**What you have to do:** Transcribe the line containing "this 2000×1500 image." and every line after it, exactly, through the end of the records.

**Working data:**
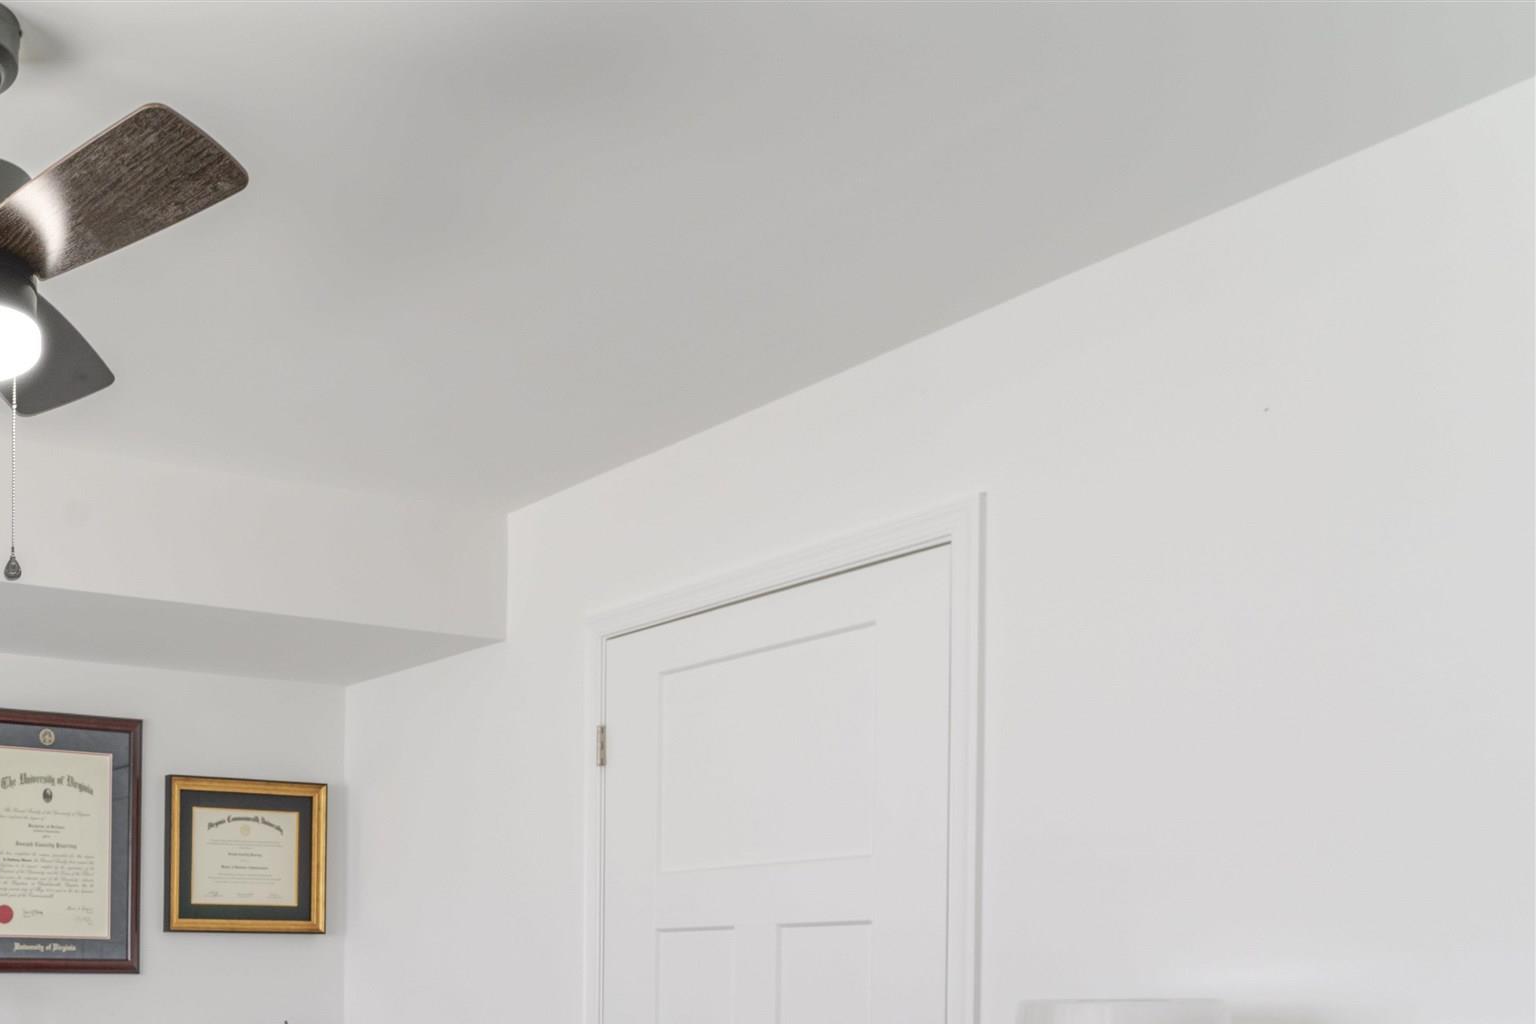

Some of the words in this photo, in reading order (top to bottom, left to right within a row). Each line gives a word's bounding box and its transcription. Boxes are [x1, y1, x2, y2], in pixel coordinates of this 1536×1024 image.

[0, 776, 16, 790] The
[19, 772, 55, 787] University
[56, 775, 64, 785] of
[66, 774, 94, 796] Virginia
[13, 942, 44, 952] University
[52, 943, 77, 953] Virginia
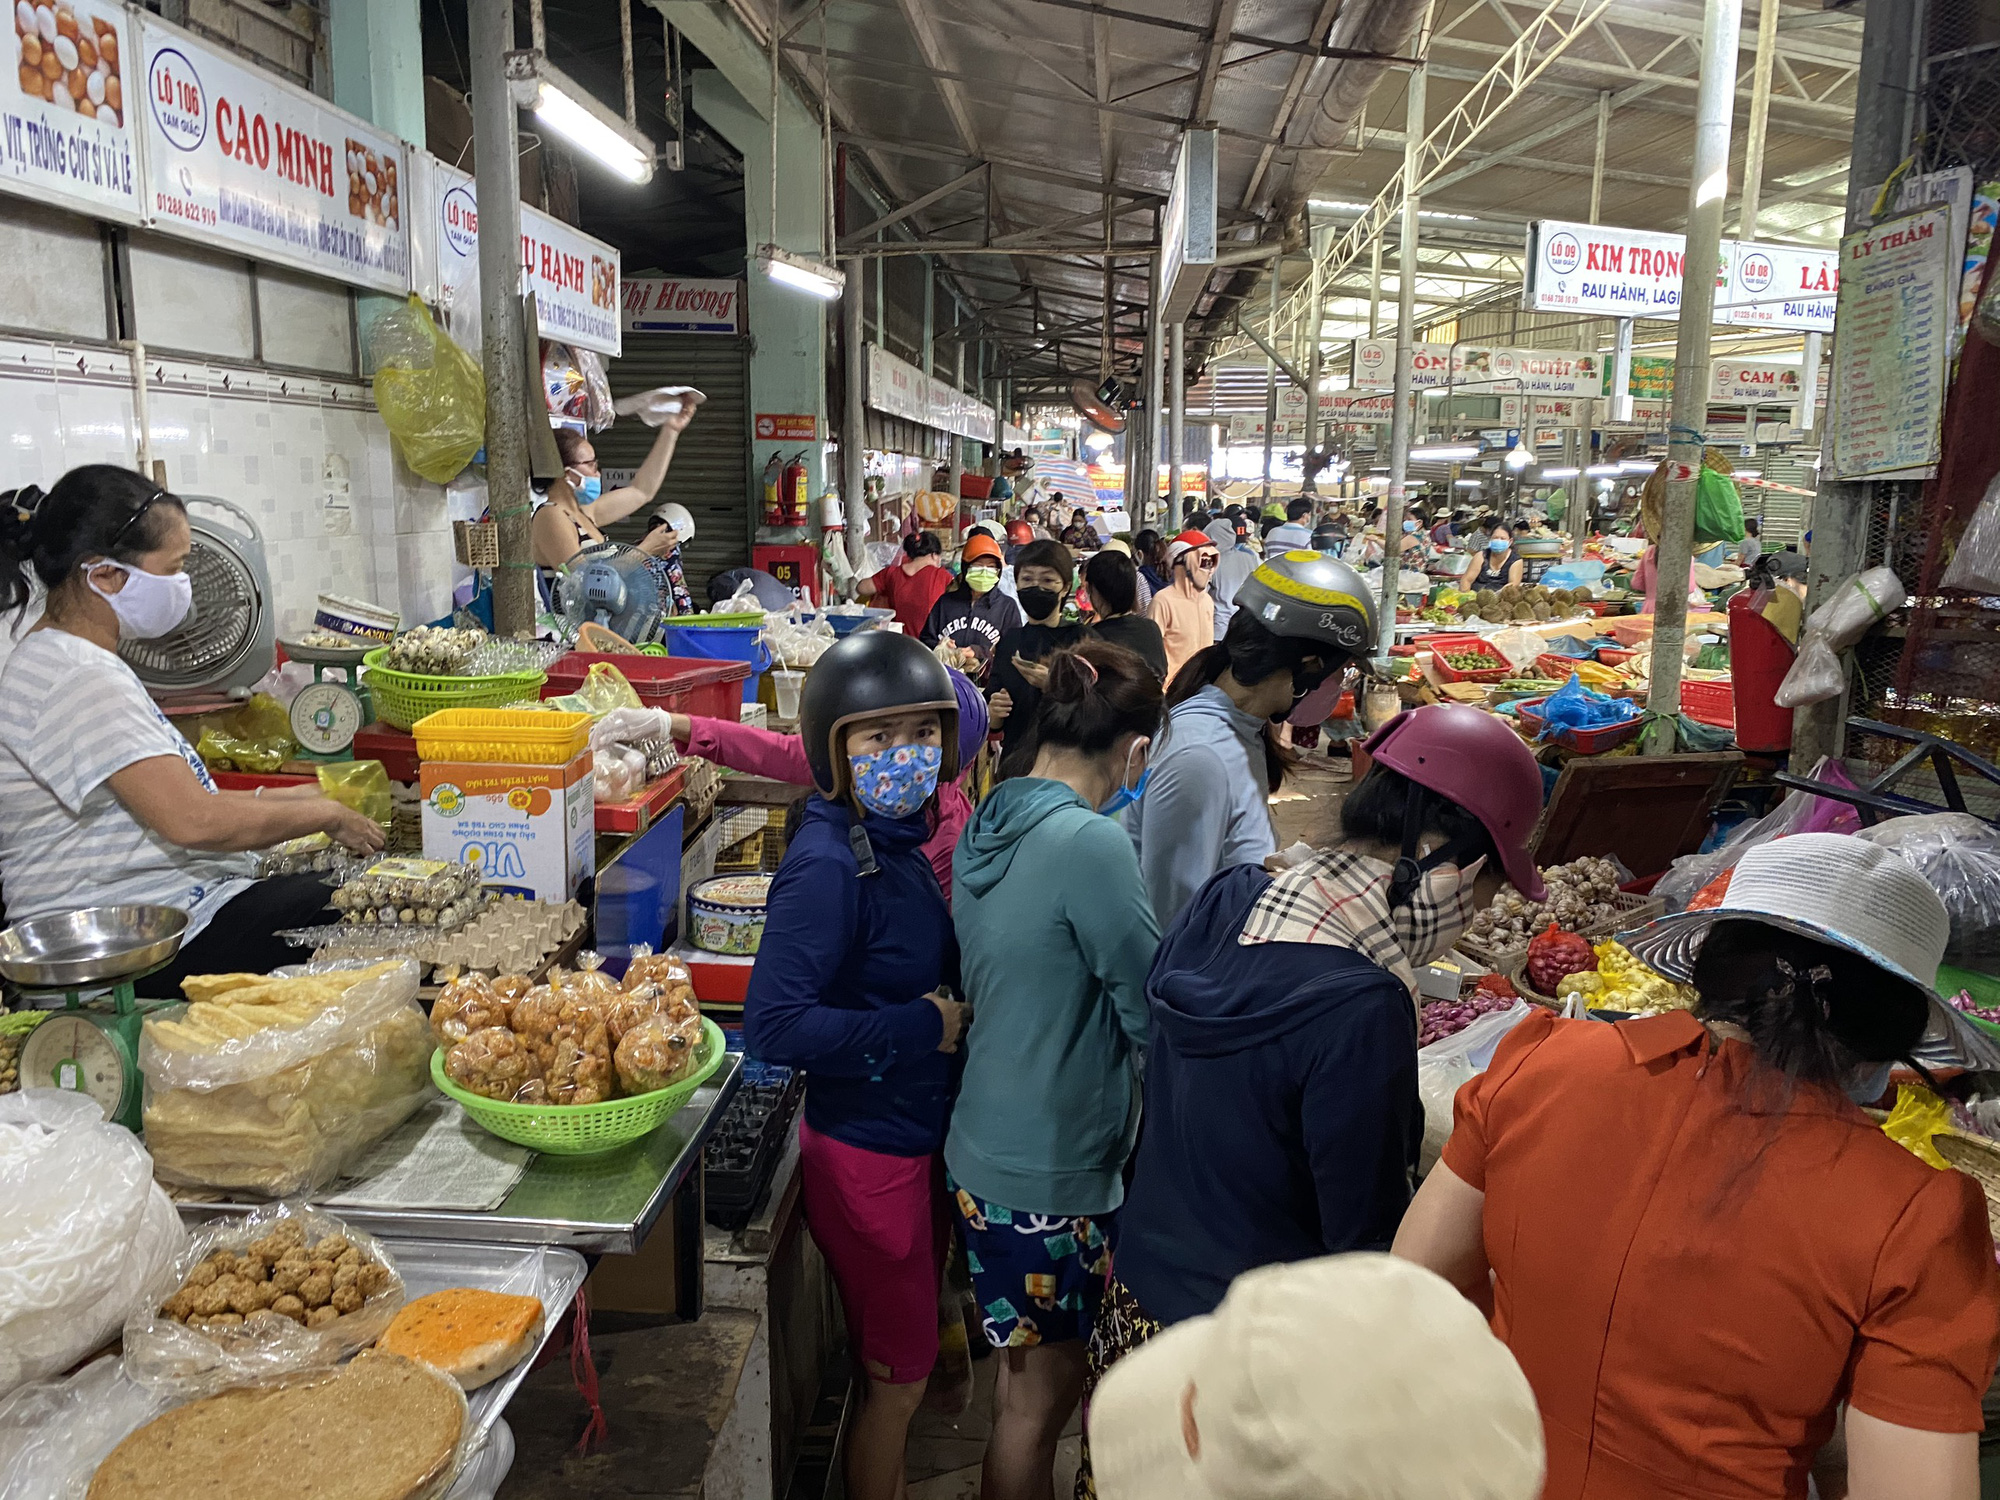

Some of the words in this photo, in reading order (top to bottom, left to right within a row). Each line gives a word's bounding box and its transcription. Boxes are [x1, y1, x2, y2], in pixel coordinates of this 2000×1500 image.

[157, 67, 173, 105] LÔ
[177, 80, 199, 116] 106
[163, 112, 179, 129] TAM
[27, 111, 66, 175] TRỨNG
[69, 124, 90, 182] CÚT
[103, 136, 120, 191] VÀ
[216, 96, 269, 170] CAO
[275, 122, 334, 197] MINH
[157, 192, 183, 217] 01288
[185, 202, 200, 222] 622
[201, 207, 216, 227] 919
[448, 200, 459, 227] LÔ
[462, 208, 478, 234] 105
[1551, 241, 1562, 257] LÔ
[1565, 245, 1576, 258] 09
[1586, 242, 1624, 273] KIM
[520, 234, 536, 275] U
[540, 243, 584, 294] HẠNH
[1745, 262, 1755, 276] LÔ
[1758, 265, 1768, 277] 08
[653, 281, 736, 319] Hương
[1582, 283, 1607, 299] RAU
[1610, 282, 1649, 305] HÀNH,
[1784, 303, 1804, 317] RAU
[1520, 357, 1571, 378] NGUYỆT
[1740, 370, 1775, 383] CAM
[777, 566, 791, 580] 05

**Solution to the problem:**
Some of the words in this photo, in reading order (top to bottom, left to right within a row). Each line gives a word's bounding box and its transcription. Boxes are [x1, y1, x2, y2], in pixel coordinates of this 2000×1500 image.

[157, 67, 173, 105] LÔ
[177, 80, 199, 116] 106
[163, 112, 179, 129] TAM
[27, 111, 66, 175] TRỨNG
[69, 124, 90, 182] CÚT
[103, 136, 120, 191] VÀ
[216, 96, 269, 170] CAO
[275, 122, 334, 197] MINH
[157, 192, 183, 217] 01288
[185, 202, 200, 222] 622
[201, 207, 216, 227] 919
[448, 200, 459, 227] LÔ
[462, 208, 478, 234] 105
[1551, 241, 1562, 257] LÔ
[1565, 245, 1576, 258] 09
[1586, 242, 1624, 273] KIM
[520, 234, 536, 275] U
[540, 243, 584, 294] HẠNH
[1745, 262, 1755, 276] LÔ
[1758, 265, 1768, 277] 08
[653, 281, 736, 319] Hương
[1582, 283, 1607, 299] RAU
[1610, 282, 1649, 305] HÀNH,
[1784, 303, 1804, 317] RAU
[1520, 357, 1571, 378] NGUYỆT
[1740, 370, 1775, 383] CAM
[777, 566, 791, 580] 05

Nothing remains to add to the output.